Saved data entries
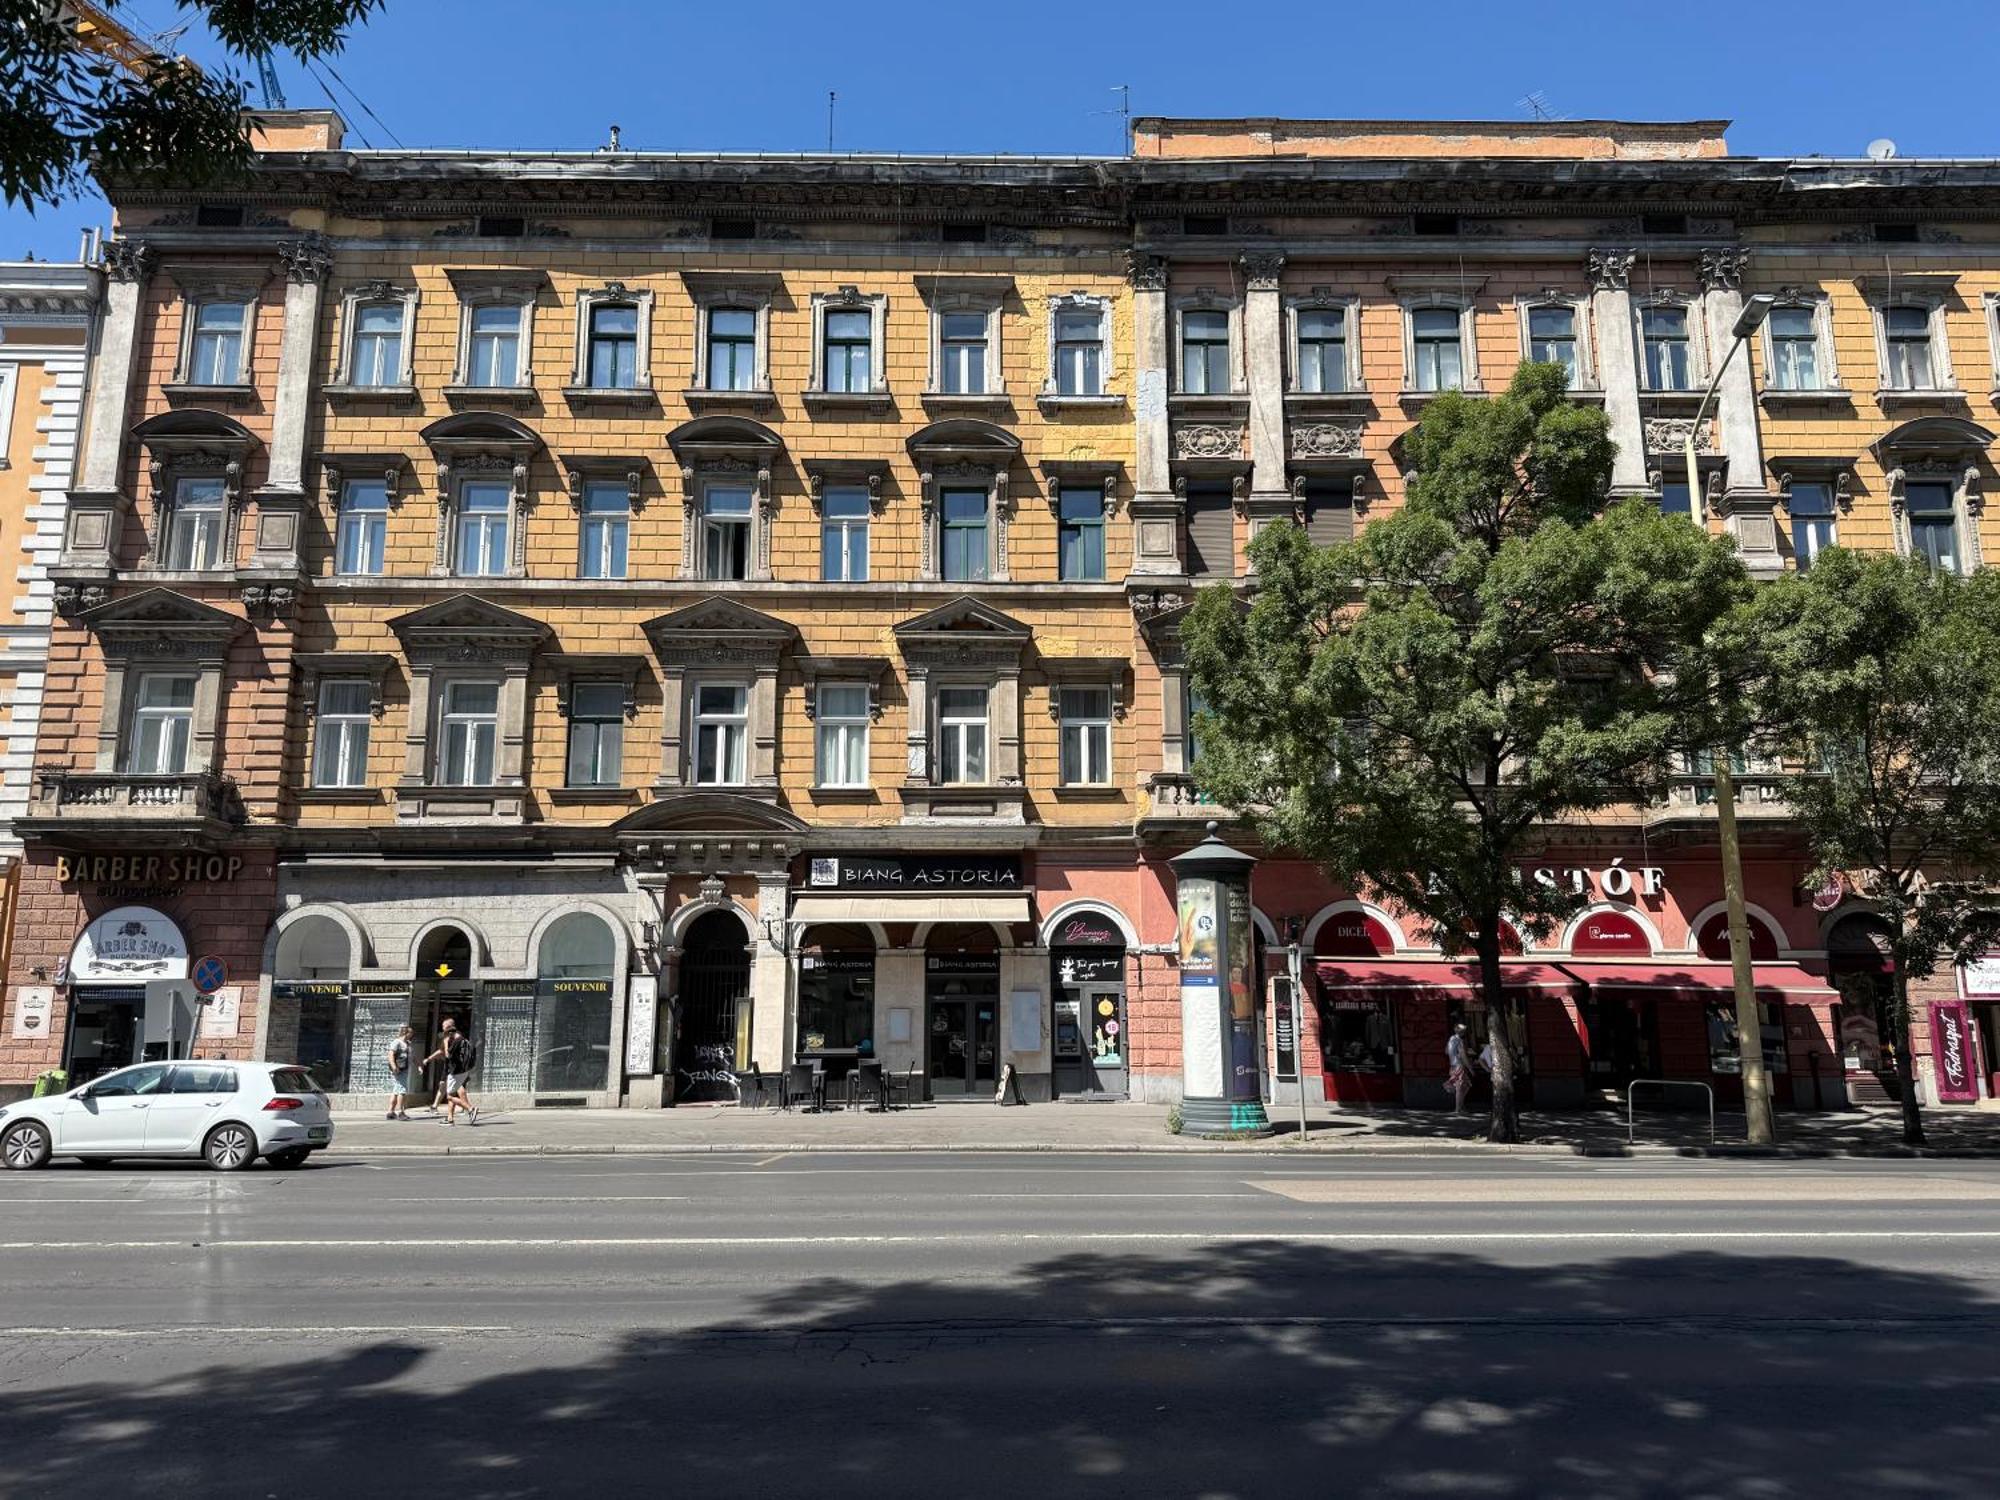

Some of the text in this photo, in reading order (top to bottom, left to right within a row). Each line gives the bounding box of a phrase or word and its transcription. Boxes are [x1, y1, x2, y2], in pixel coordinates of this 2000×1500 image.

[56, 856, 242, 881] BARBER SHOP
[844, 868, 904, 881] BIANG
[913, 868, 1015, 883] ASTORIA
[140, 939, 177, 958] SHOP
[290, 984, 342, 993] SOUVENIR
[356, 984, 410, 993] BUDAPEST
[554, 983, 607, 992] SOUVENIR

• **Activity**
Each entry is to be output exactly, and no picture is to appear.

• **Answer for this exercise**
Some of the text in this photo, in reading order (top to bottom, left to right within a row). Each line gives the bounding box of a phrase or word and its transcription. Boxes are [x1, y1, x2, y2], in pixel coordinates of this 2000×1500 image.

[56, 856, 242, 881] BARBER SHOP
[844, 868, 904, 881] BIANG
[913, 868, 1015, 883] ASTORIA
[140, 939, 177, 958] SHOP
[290, 984, 342, 993] SOUVENIR
[356, 984, 410, 993] BUDAPEST
[554, 983, 607, 992] SOUVENIR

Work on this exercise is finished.